*Source material*

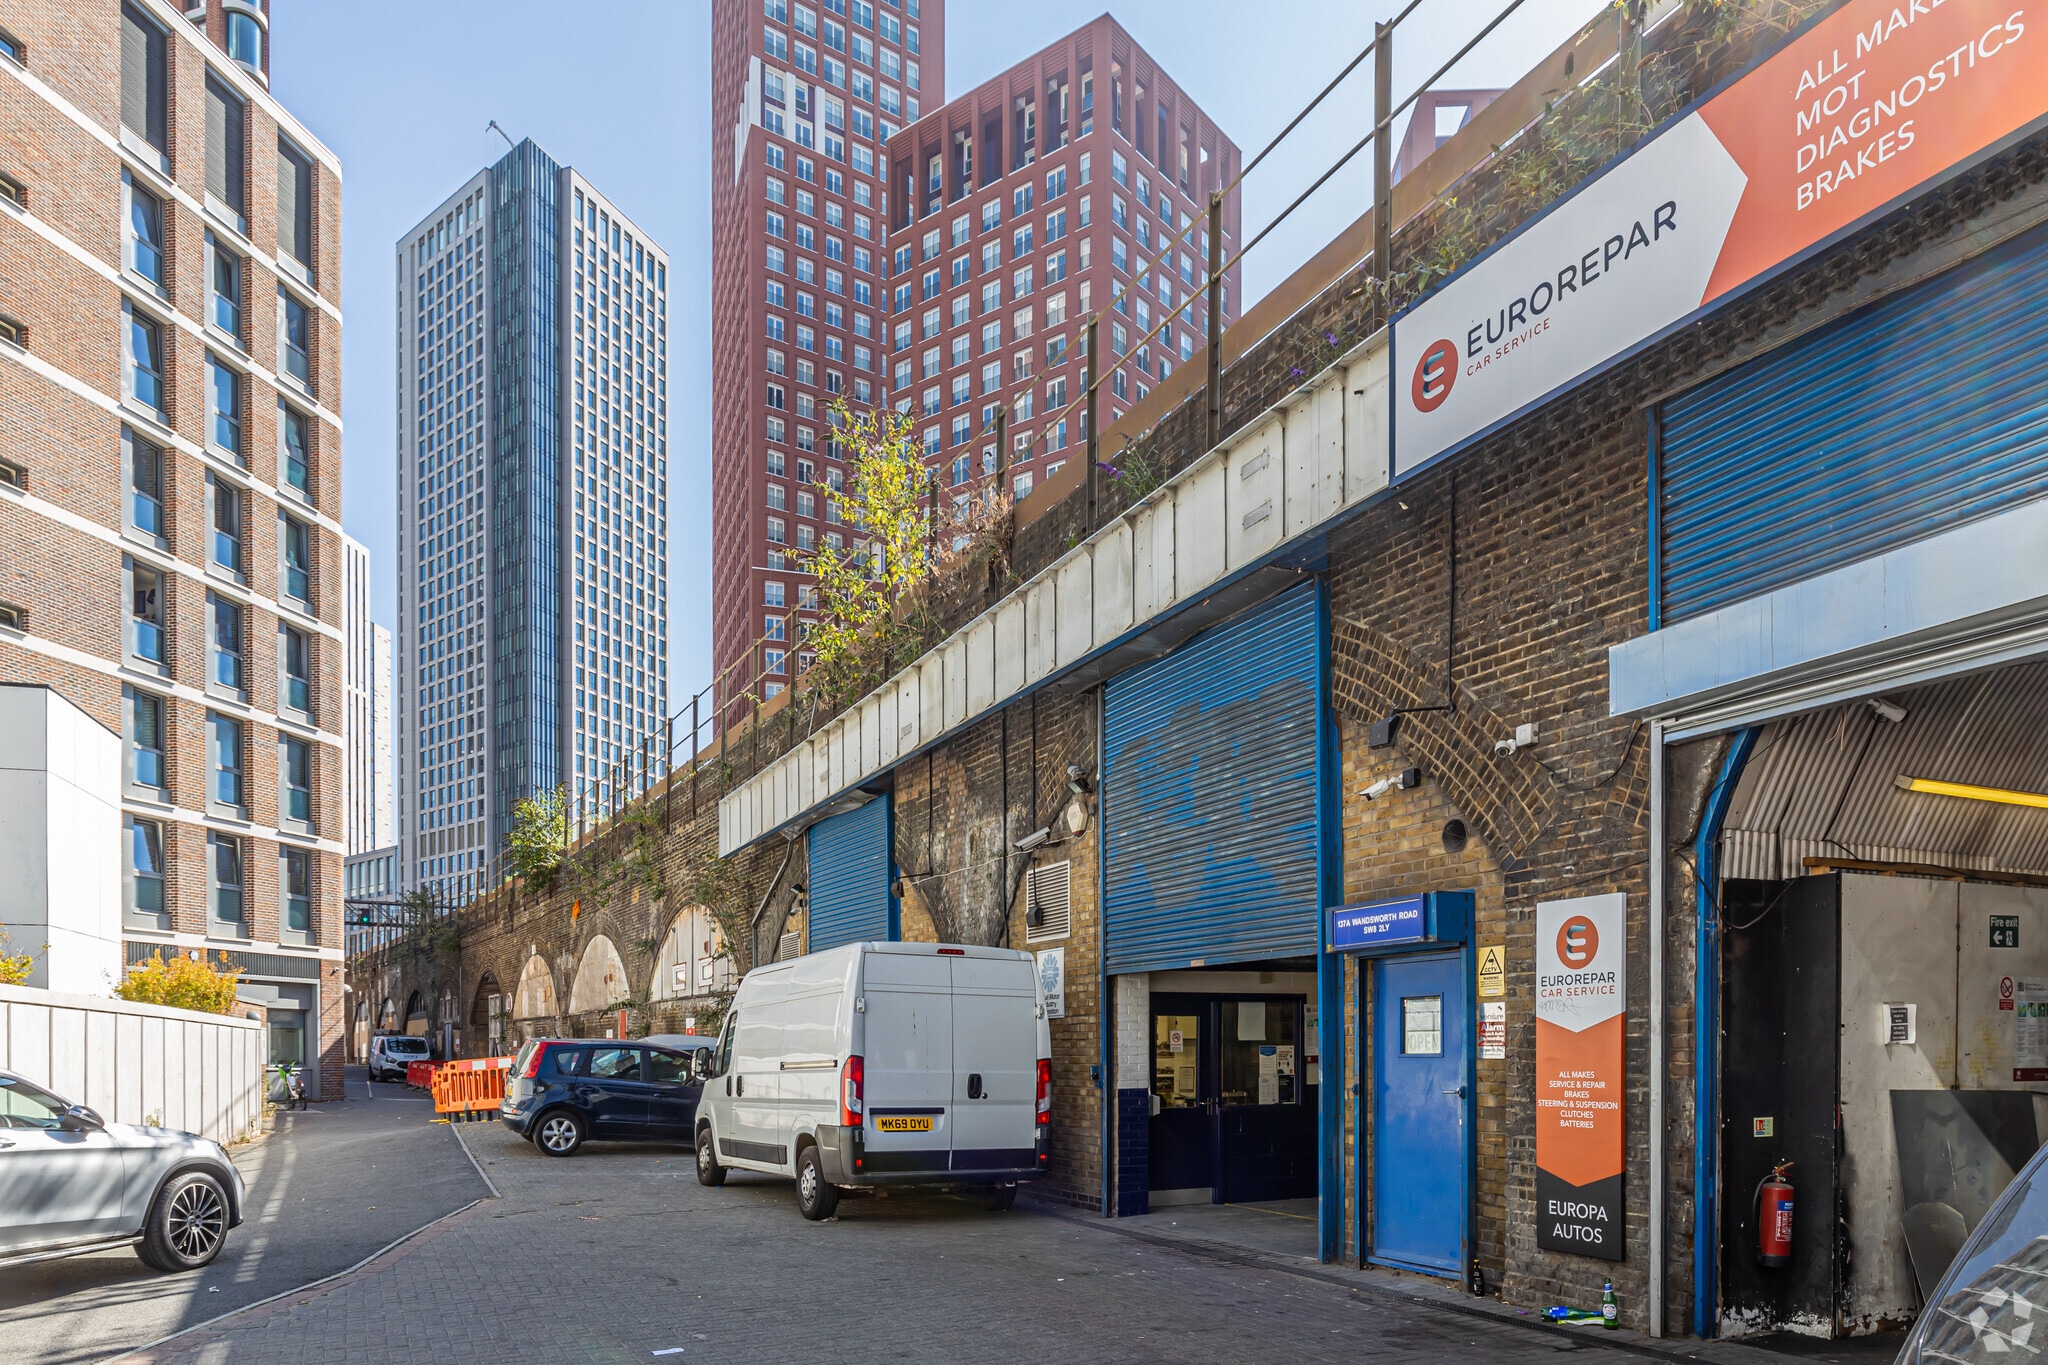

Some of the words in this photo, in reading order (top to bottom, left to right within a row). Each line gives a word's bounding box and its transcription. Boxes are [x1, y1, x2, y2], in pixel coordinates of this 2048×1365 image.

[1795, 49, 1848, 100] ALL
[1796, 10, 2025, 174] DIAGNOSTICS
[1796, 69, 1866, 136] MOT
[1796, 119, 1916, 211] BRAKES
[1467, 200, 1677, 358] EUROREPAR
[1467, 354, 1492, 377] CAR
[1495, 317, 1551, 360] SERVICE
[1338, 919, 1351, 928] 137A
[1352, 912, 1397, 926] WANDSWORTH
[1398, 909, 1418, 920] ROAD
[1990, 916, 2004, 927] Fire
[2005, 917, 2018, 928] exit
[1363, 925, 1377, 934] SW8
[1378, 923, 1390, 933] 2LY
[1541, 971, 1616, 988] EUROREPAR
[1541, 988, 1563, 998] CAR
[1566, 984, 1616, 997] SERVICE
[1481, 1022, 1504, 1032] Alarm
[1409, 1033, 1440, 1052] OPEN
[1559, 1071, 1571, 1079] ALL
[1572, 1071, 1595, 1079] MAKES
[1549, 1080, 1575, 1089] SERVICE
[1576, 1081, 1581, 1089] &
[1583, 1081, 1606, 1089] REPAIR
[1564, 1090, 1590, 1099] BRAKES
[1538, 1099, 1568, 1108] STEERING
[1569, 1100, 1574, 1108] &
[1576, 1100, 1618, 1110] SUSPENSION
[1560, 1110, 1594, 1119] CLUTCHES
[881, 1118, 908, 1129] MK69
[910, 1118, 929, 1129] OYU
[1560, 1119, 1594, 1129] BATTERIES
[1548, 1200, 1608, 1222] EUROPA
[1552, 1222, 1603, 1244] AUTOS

*Your assignment*
Pictures stay out of the copy; please restate every record above exactly.

*Output for this exercise*
Some of the words in this photo, in reading order (top to bottom, left to right within a row). Each line gives a word's bounding box and its transcription. Boxes are [x1, y1, x2, y2], in pixel coordinates of this 2048×1365 image.

[1795, 49, 1848, 100] ALL
[1796, 10, 2025, 174] DIAGNOSTICS
[1796, 69, 1866, 136] MOT
[1796, 119, 1916, 211] BRAKES
[1467, 200, 1677, 358] EUROREPAR
[1467, 354, 1492, 377] CAR
[1495, 317, 1551, 360] SERVICE
[1338, 919, 1351, 928] 137A
[1352, 912, 1397, 926] WANDSWORTH
[1398, 909, 1418, 920] ROAD
[1990, 916, 2004, 927] Fire
[2005, 917, 2018, 928] exit
[1363, 925, 1377, 934] SW8
[1378, 923, 1390, 933] 2LY
[1541, 971, 1616, 988] EUROREPAR
[1541, 988, 1563, 998] CAR
[1566, 984, 1616, 997] SERVICE
[1481, 1022, 1504, 1032] Alarm
[1409, 1033, 1440, 1052] OPEN
[1559, 1071, 1571, 1079] ALL
[1572, 1071, 1595, 1079] MAKES
[1549, 1080, 1575, 1089] SERVICE
[1576, 1081, 1581, 1089] &
[1583, 1081, 1606, 1089] REPAIR
[1564, 1090, 1590, 1099] BRAKES
[1538, 1099, 1568, 1108] STEERING
[1569, 1100, 1574, 1108] &
[1576, 1100, 1618, 1110] SUSPENSION
[1560, 1110, 1594, 1119] CLUTCHES
[881, 1118, 908, 1129] MK69
[910, 1118, 929, 1129] OYU
[1560, 1119, 1594, 1129] BATTERIES
[1548, 1200, 1608, 1222] EUROPA
[1552, 1222, 1603, 1244] AUTOS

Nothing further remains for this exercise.